Figure 1.

RA is a potent ICD inducer. A) Outline of chemicals screening protocol. Natural compounds were screened by HMGB1‐Gluc reporter assay, the hit compounds were then evaluated by LacZ T cell reporter assay. B) Scatter diagram presentation of the influence of hit compounds on HMGB1 release and LacZ T cell activation. C) Chemical structure of RA. B16‐HMGB1‐Gluc and MC38‐HMGB1‐Gluc cells were treated with indicated doses of RA for 20 h, D) HMGB1‐Gluc luciferase activity and E) extracellular ATP levels were measured.

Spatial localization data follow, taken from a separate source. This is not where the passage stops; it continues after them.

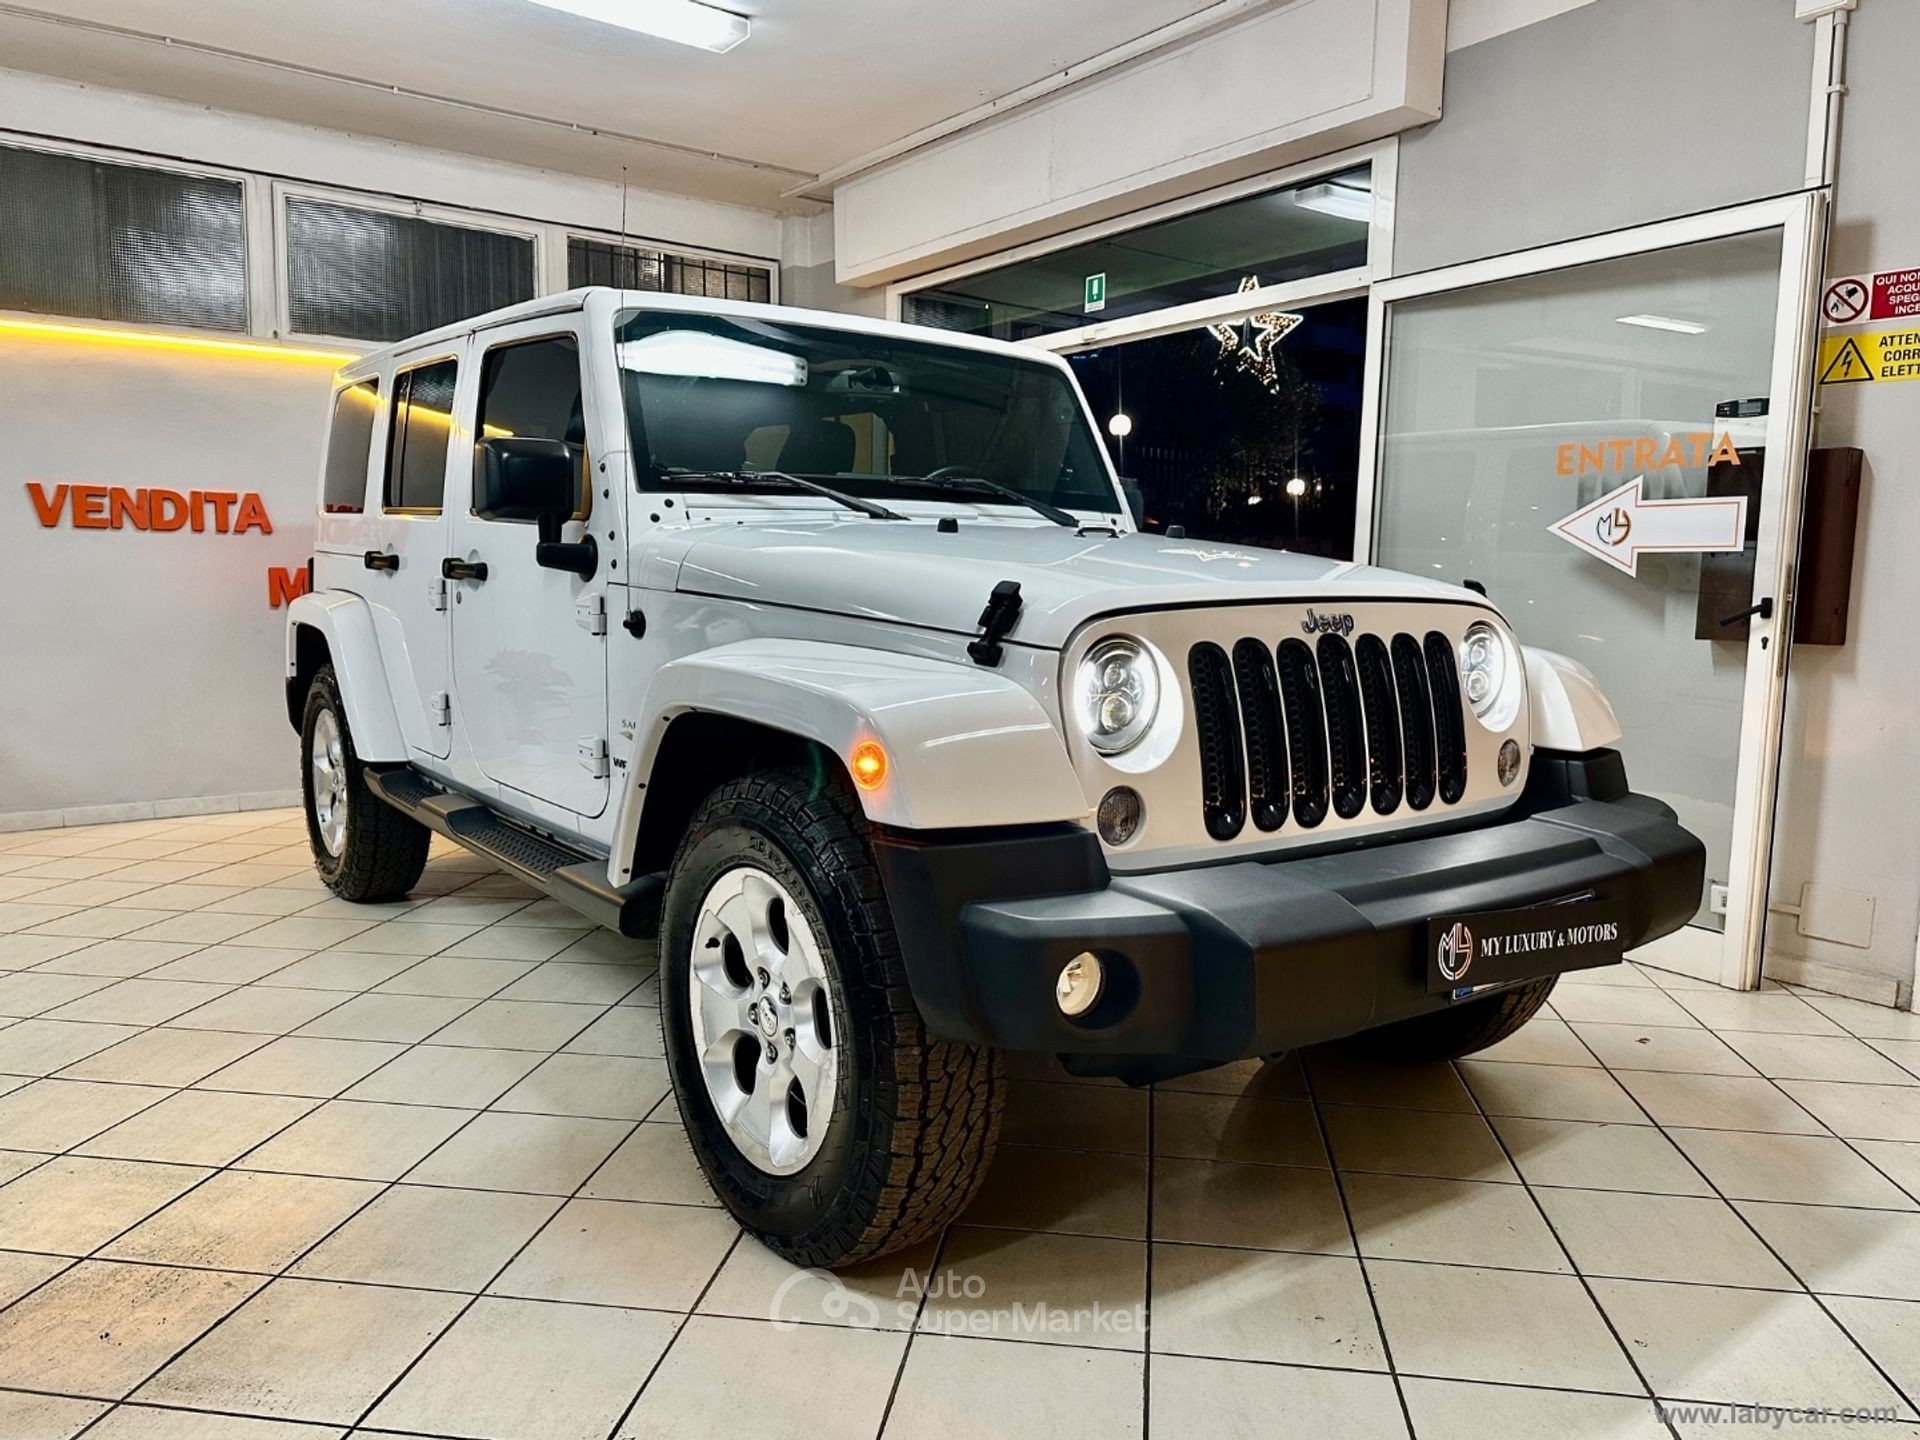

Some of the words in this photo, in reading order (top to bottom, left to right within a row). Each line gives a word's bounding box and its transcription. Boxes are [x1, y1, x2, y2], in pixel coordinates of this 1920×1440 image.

[1876, 274, 1897, 286] QUI
[1887, 282, 1920, 295] ACQU
[1889, 293, 1920, 305] SPEG
[1895, 303, 1920, 315] INCE
[1884, 348, 1920, 362] CORR
[1557, 431, 1741, 476] ENTRATA
[26, 482, 273, 534] VENDITA
[1301, 608, 1354, 637] Jeep
[1481, 937, 1503, 958] MY
[1504, 929, 1557, 954] LUXURY
[1557, 933, 1566, 948] &
[1566, 922, 1618, 947] MOTORS
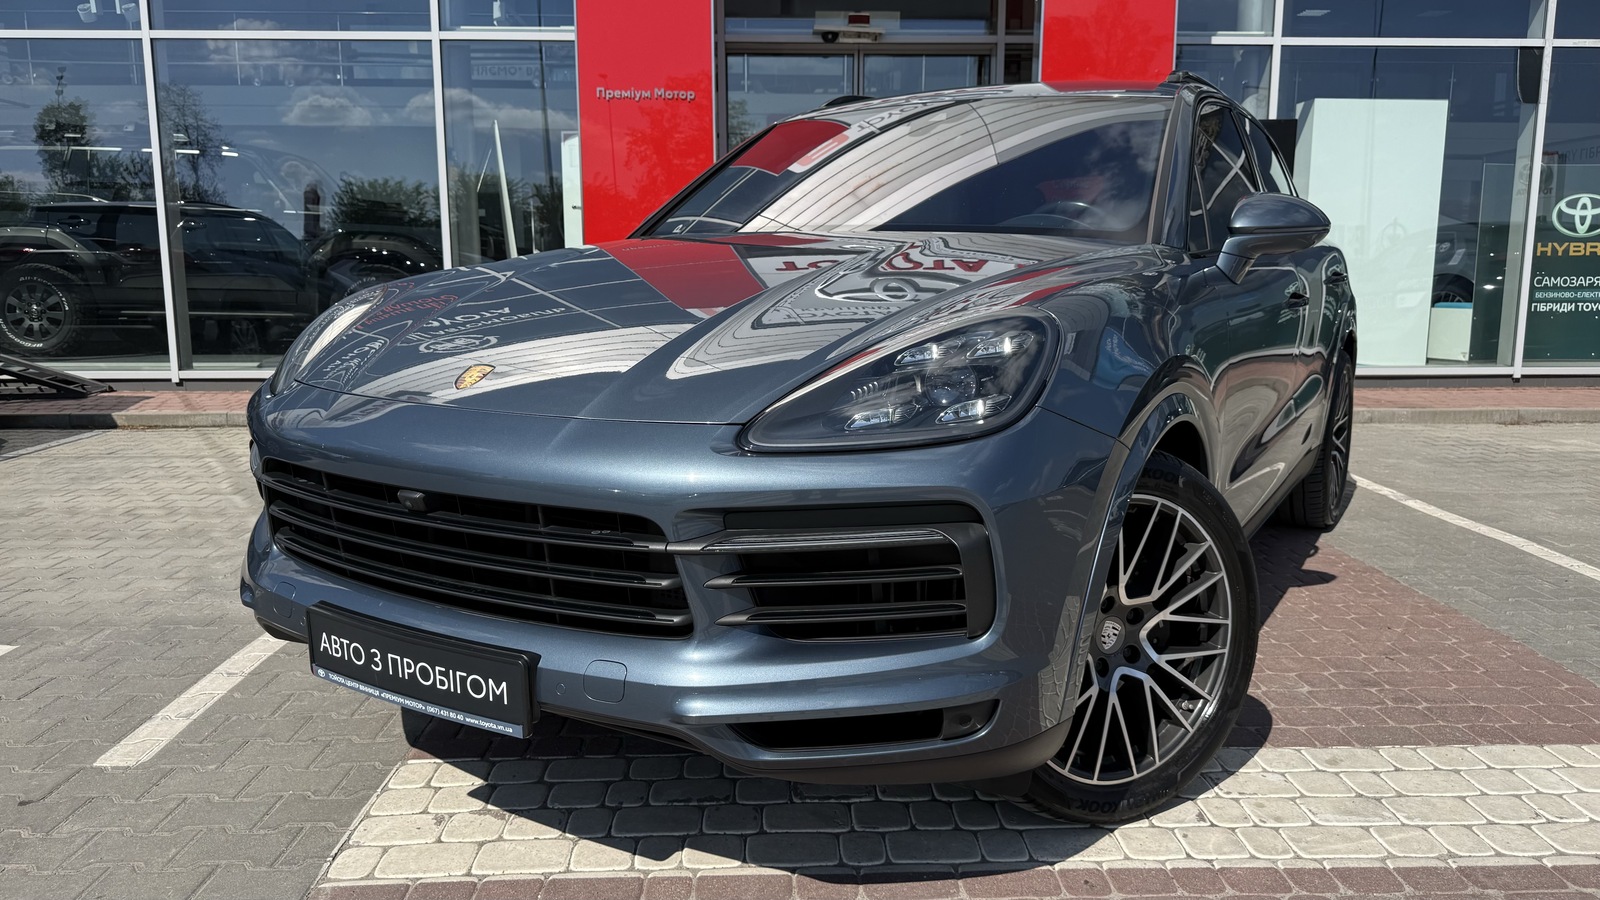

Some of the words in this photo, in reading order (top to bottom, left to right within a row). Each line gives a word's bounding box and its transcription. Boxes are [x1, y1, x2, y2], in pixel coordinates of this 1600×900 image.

[596, 87, 652, 101] Преміум
[654, 88, 695, 101] Мотор
[1536, 242, 1600, 256] HYBR
[1533, 276, 1600, 288] САМОЗАРЯ
[1531, 302, 1575, 314] ГІБРИДИ
[1577, 302, 1600, 312] TOY
[320, 632, 365, 666] АВТО
[370, 648, 383, 672] З
[387, 653, 508, 705] ПРОБІГОМ
[465, 716, 513, 733] www.toyota.vn.ua

F) B16 and MC38 cells were treated with DMSO or RA (5 µM) for 20 h, and surface expressions of CRT were detected by fluorescence activated cell sorting (FACS). G) MC38 cells were pretreated with DMSO, RA, or freeze‐thawed, followed by subcutaneous inoculation into C57BL6 mice as a vaccine (n = 8). After 7 days, mice were rechallenged with live MC38 cells. The percentages of tumor‐free mice 30 days after rechallenge are shown on the bottom. Data in (D)–(F) are shown as mean ± SD of 3 independent experiments. ^** p < 0.01, ^*** p < 0.001, D,E) one‐way ANOVA test, F) unpaired Student's t‐test, G) log‐rank (Mantel‐Cox) test.